The MKL is a library of optimized math routines for science, engineering and financial applications. The library consists of many standard math library along with Intel’s math libraries implementation. Currently it is compatible with Windows, Linux and OS X operating systems. Currently Intel offers native support for C/C++, and Fortran.
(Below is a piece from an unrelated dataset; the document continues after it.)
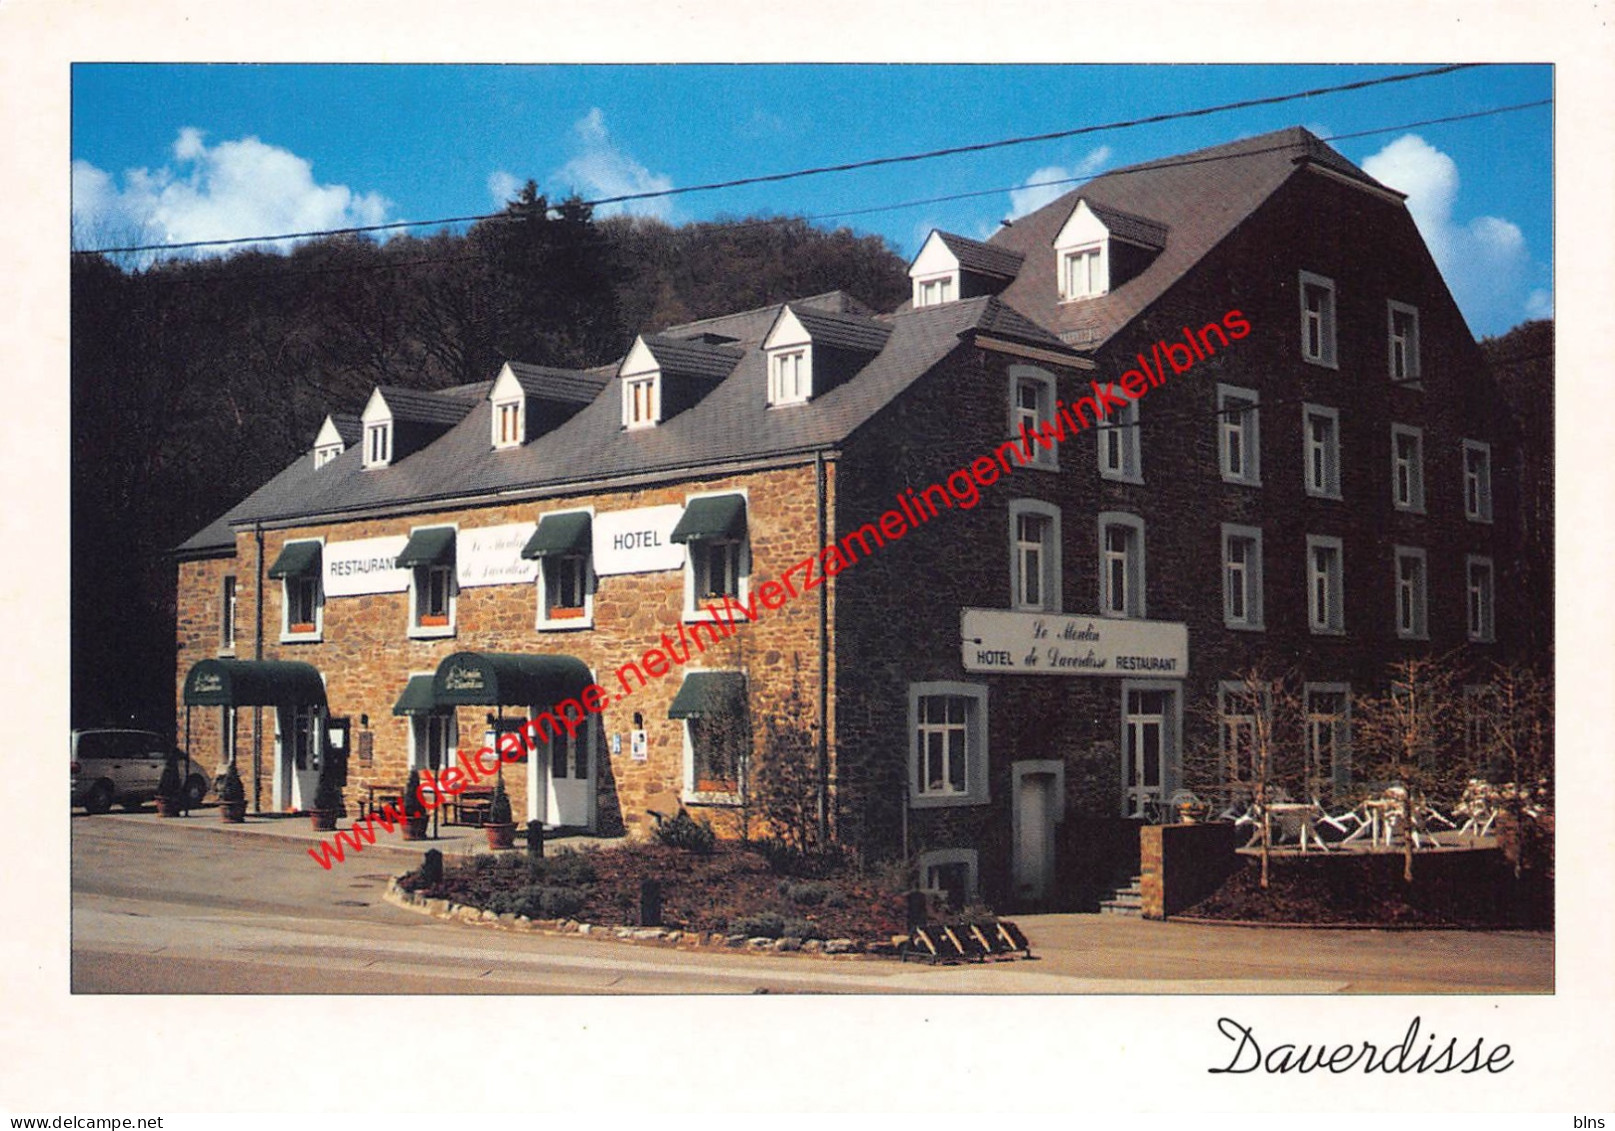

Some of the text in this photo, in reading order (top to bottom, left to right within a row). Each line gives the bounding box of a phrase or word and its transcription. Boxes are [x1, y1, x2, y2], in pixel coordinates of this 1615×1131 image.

It is possible to use the MKL with Python but that will depend on the library that you will be required to use.

== Setting up MKL ==

Firstly you will need to download the MKL from the following link https://software.intel.com/en-us/mkl.

Next you will need to install and allow for the intergration of the tools with your version of visual studio.

Now when you open a new project there will still be two more steps you will need to add to use MKL. The first is adding the mkl.h header file and the second is going under the project properties and select the use MKL option to yes.

== MKL testing ==

For our project we wanted to test the performance of MKL verse other Intel parallel solutions such as Cilk Plus and Thread building blocks (TBB).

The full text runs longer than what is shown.